Search code examples
algorithmimage-processingmultidimensional-arrayareaneighbours

Connected Component Labeling - Implementation


I have asked a similar question some days ago, but I have yet to find an efficient way of solving my problem. I'm developing a simple console game, and I have a 2D array like this:

1,0,0,0,1
1,1,0,1,1
0,1,0,0,1
1,1,1,1,0
0,0,0,1,0

I am trying to find all the areas that consist of neighboring 1's (4-way connectivity). So, in this example the 2 areas are as following:

1
1,1
  1
1,1,1,1
      1

and :

       1
     1,1
       1

The algorithm, that I've been working on, finds all the neighbors of the neighbors of a cell and works perfectly fine on this kind of matrices. However, when I use bigger arrays (like 90*90) the program is very slow and sometimes the huge arrays that are used cause stack overflows.

One guy on my other question told me about connected-component labelling as an efficient solution to my problem.

Can somebody show me any C++ code which uses this algorithm, because I'm kinda confused about how it actually works along with this disjoint-set data structure thing...

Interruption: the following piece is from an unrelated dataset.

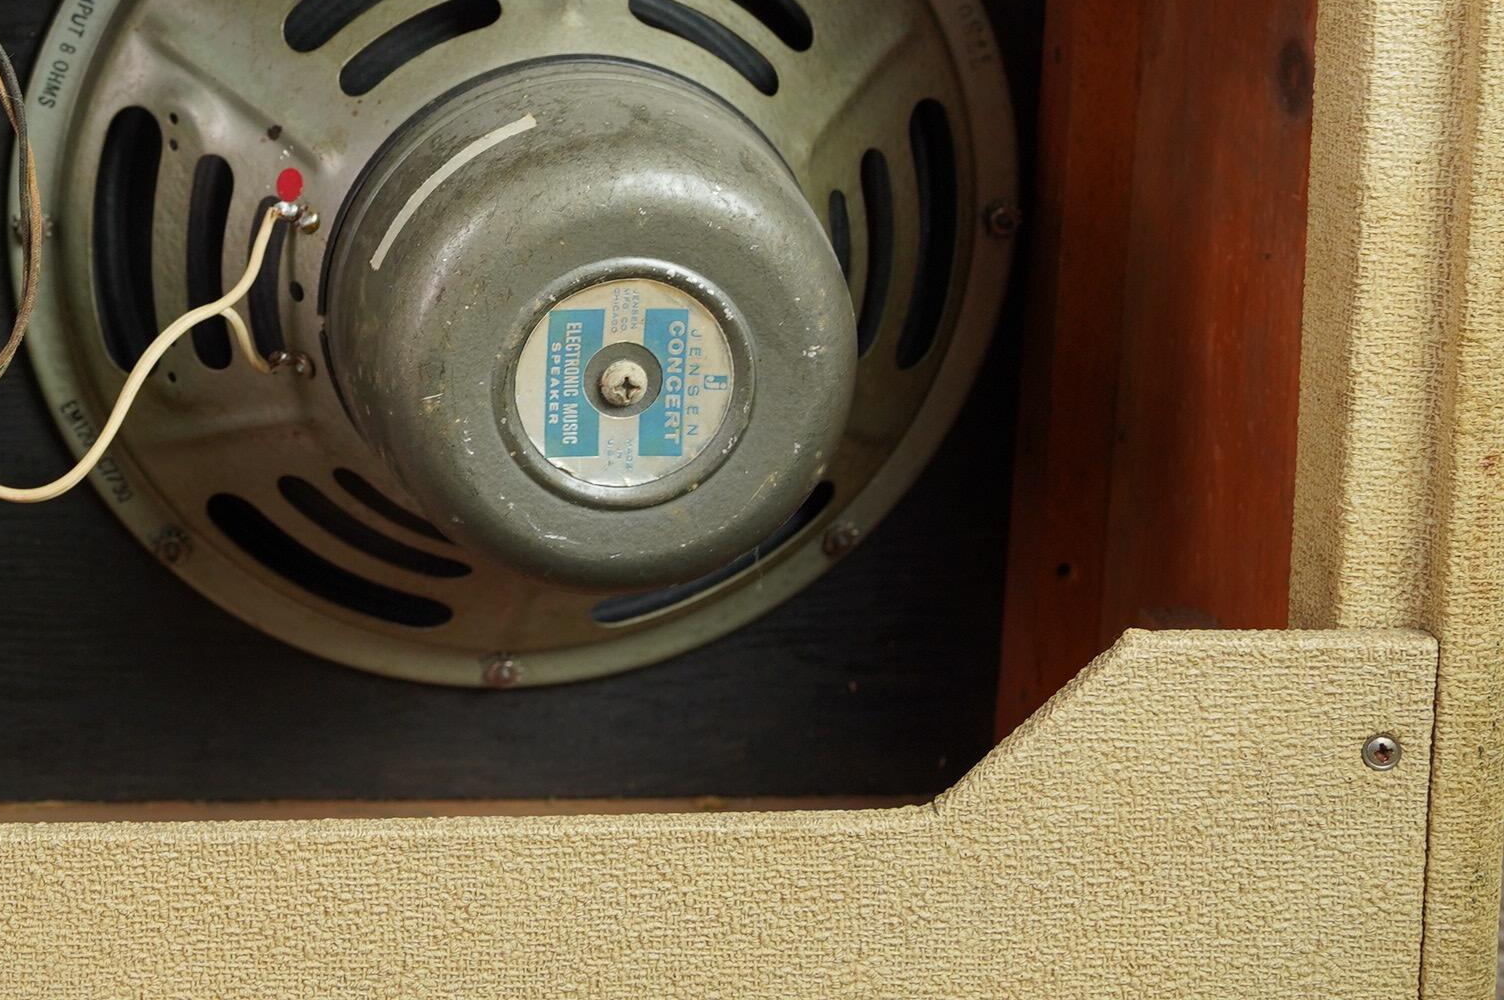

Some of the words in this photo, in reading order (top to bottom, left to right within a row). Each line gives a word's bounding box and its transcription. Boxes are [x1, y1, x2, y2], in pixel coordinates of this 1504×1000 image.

Thanks a lot for your help and time.


Solution

  • I'll first give you the code and then explain it a bit:

    // direction vectors
    const int dx[] = {+1, 0, -1, 0};
    const int dy[] = {0, +1, 0, -1};
    
    // matrix dimensions
    int row_count;
    int col_count;
    
    // the input matrix
    int m[MAX][MAX];
    
    // the labels, 0 means unlabeled
    int label[MAX][MAX];
    
    void dfs(int x, int y, int current_label) {
      if (x < 0 || x == row_count) return; // out of bounds
      if (y < 0 || y == col_count) return; // out of bounds
      if (label[x][y] || !m[x][y]) return; // already labeled or not marked with 1 in m
    
      // mark the current cell
      label[x][y] = current_label;
    
      // recursively mark the neighbors
      for (int direction = 0; direction < 4; ++direction)
        dfs(x + dx[direction], y + dy[direction], current_label);
    }
    
    void find_components() {
      int component = 0;
      for (int i = 0; i < row_count; ++i) 
        for (int j = 0; j < col_count; ++j) 
          if (!label[i][j] && m[i][j]) dfs(i, j, ++component);
    }
    

    This is a common way of solving this problem.

    The direction vectors are just a nice way to find the neighboring cells (in each of the four directions).

    The dfs function performs a depth-first-search of the grid. That simply means it will visit all the cells reachable from the starting cell. Each cell will be marked with current_label

    The find_components function goes through all the cells of the grid and starts a component labeling if it finds an unlabeled cell (marked with 1).

    This can also be done iteratively using a stack. If you replace the stack with a queue, you obtain the bfs or breadth-first-search.